Windsor Star

Trump budget dismays supporter

- STEVE PEOPLES AND CARLA K. JOHNSON The Associated Press

NEW YORK He slept next to his son’s ashes most nights back when Kraig Moss first met Donald Trump.

In a hall packed with Iowa voters, the presidenti­al candidate looked the middle-aged truck driver in the eye and vowed to fight the opioid crisis that killed his only son two years earlier. “He promised me, in honour of my son, that he was going to combat the ongoing heroin epidemic,” Moss said of the January 2016 interactio­n. “He got me hook, line and sinker.”

Moss, an amateur musician, quickly sold enough possession­s to fund a months-long tour of more than 40 Trump rallies, where he serenaded voters with pro-Trump songs. His guitar, and the ashes of his late 24-year-old son, Rob, were always close by.

Trump’s budget released this week would reduce funding for addiction treatment, research and prevention.

The most damaging proposed cut, critics say, is the president’s 10-year plan to shrink spending for Medicaid, which provides coverage to an estimated three in 10 adults with opioid addiction. Members of Congress have said they are unlikely to approve the budget as written.

The blueprint comes weeks after the president celebrated House passage of a Republican health care bill that would dramatical­ly reduce Medicaid coverage, while allowing states to weaken a requiremen­t that private insurance cover addiction treatment.
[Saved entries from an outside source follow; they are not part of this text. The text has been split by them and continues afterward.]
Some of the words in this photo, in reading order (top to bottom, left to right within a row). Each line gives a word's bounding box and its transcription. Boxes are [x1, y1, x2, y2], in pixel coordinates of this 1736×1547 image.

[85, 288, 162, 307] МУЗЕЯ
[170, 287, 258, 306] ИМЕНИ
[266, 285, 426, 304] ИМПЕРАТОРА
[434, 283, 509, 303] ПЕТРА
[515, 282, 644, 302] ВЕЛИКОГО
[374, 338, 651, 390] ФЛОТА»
A Congressio­nal Budget Office report on Wednesday said a patient’s cost of substance abuse services could increase by thousands of dollars a year in states that chose to weaken coverage requiremen­ts.

Some see the moves as a painful betrayal of Americans whose families have been devastated by addiction and trusted the president’s repeated pledges to make them a priority once in office. Trump’s budget priorities focus on tax cuts, military spending and border security with massive cuts to programs for the poor and disabled.

Those most frustrated include parents who shared their stories with Trump.

“We want to help those who have become so badly addicted,” Trump insisted during a late-March “listening session” on opioid and drug abuse at the White House.

During the roundtable, Trump opened up about his father’s struggle with alcoholism. It was enough to convince skeptics in the room he was serious about an epidemic the Centers for Disease Control and Prevention says kills 91 Americans each day.

Trump has tapped New Jersey Gov. Chris Christie to lead a task force to combat the opioid crisis. Trump’s budget request, however, raises questions about whether he’s committed to new programs.

In some cases, the budget would maintain funding levels, such as US$1.85 billion for block grants to states that provide addiction treatment for 2.5 million Americans. Funding has been flat for a decade, and advocates say the grants have lost more than $480 million in purchasing power over that time because of inflation.

Trump also would cut funding for addiction research and eliminate support for the training of addiction profession­als.

He wants to cut prevention programs by more than 30 per cent, according to one advocacy group’s analysis. Trump would cut millions of dollars of federal support of drug courts, prescripti­on drug monitoring programs and state programs aimed at prescripti­on drug overdoses.

The sense of betrayal is perhaps deeper for Moss, 58, who devoted much of last year to promoting Trump’s candidacy.

He’s back to driving trucks from his home in Owego, N.Y.

“Maybe I felt by combating the heroin epidemic that was going to make me feel complete, as far as losing my son and being able to move on,” Moss said.

“And maybe that’s why it feels like such a letdown he’s not fulfilling his promises.”